• [Task item]: Give the entries back exactly as they stand, but without pictures.

▶

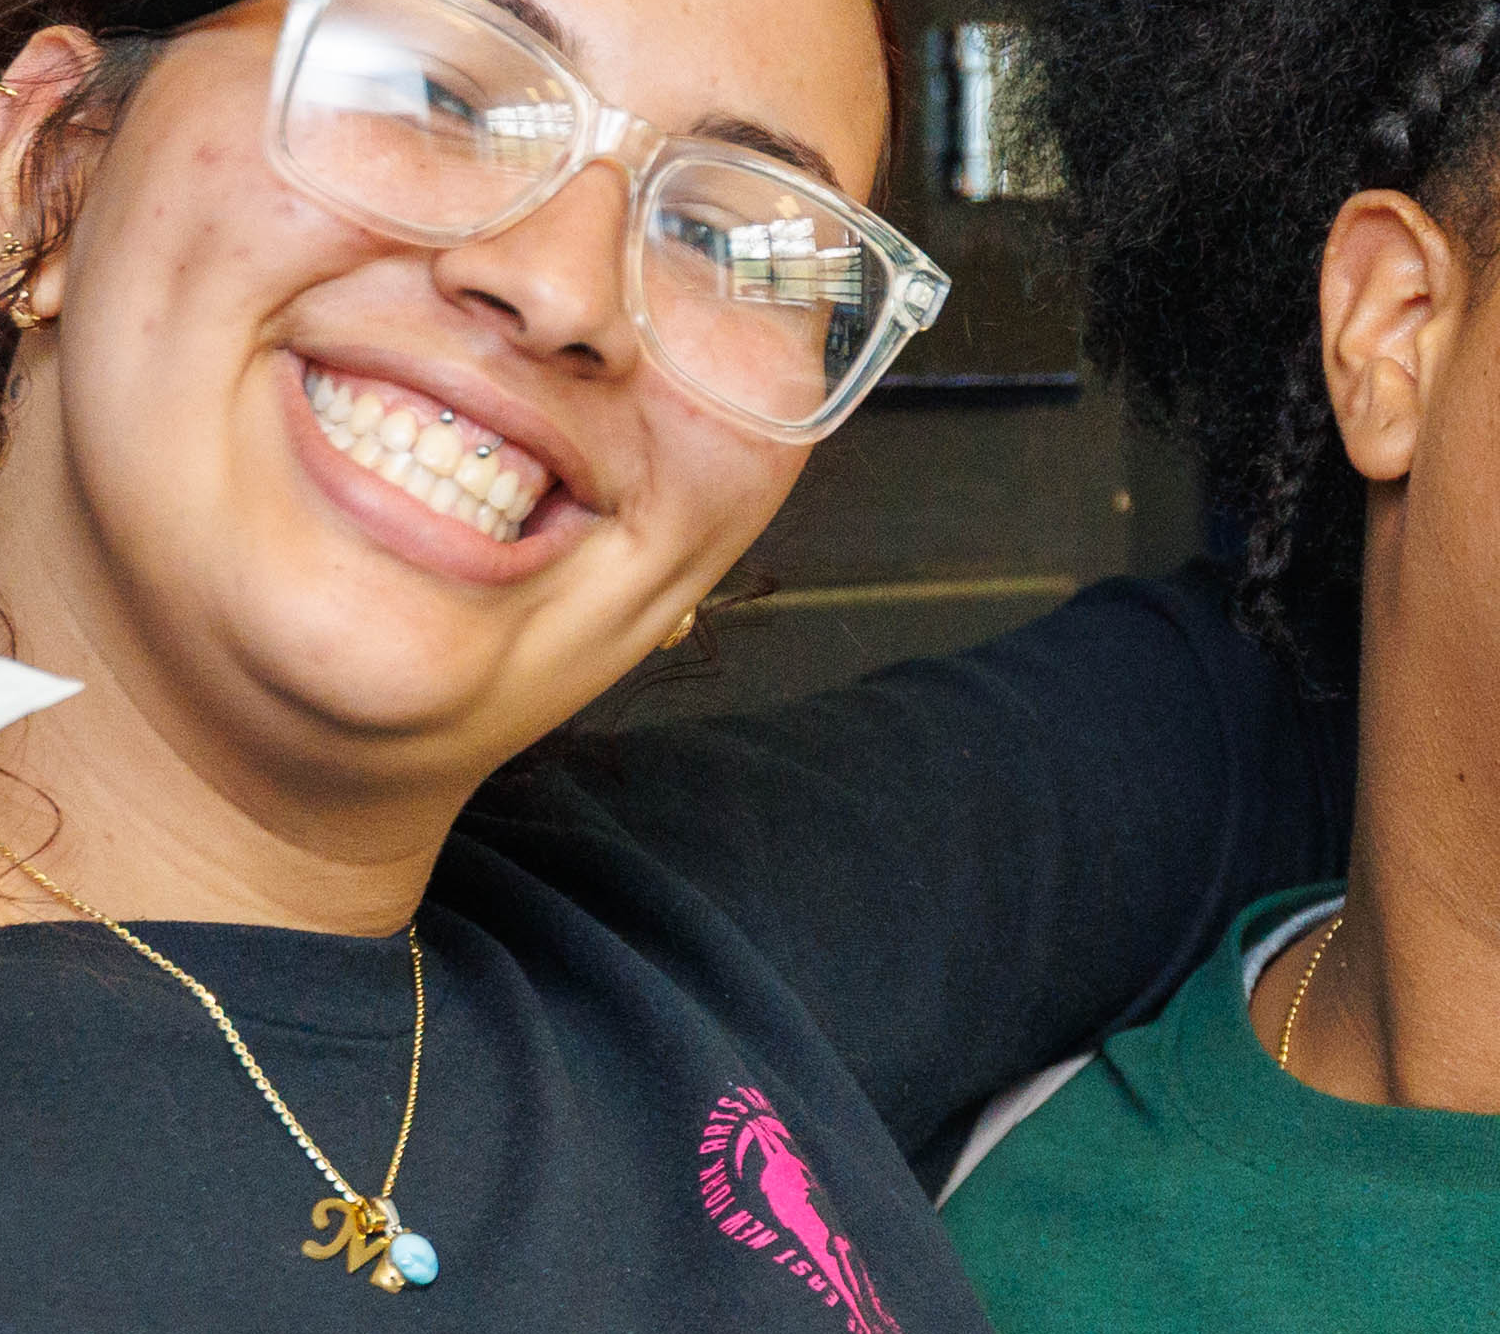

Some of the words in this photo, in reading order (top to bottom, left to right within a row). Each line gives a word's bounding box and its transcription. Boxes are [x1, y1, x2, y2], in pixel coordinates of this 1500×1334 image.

[699, 1096, 749, 1154] ARTS
[699, 1158, 736, 1219] YORK
[718, 1210, 779, 1249] NEW
[771, 1249, 840, 1308] EAST

◀

• [Task result]:
Some of the words in this photo, in reading order (top to bottom, left to right within a row). Each line gives a word's bounding box and its transcription. Boxes are [x1, y1, x2, y2], in pixel coordinates of this 1500×1334 image.

[699, 1096, 749, 1154] ARTS
[699, 1158, 736, 1219] YORK
[718, 1210, 779, 1249] NEW
[771, 1249, 840, 1308] EAST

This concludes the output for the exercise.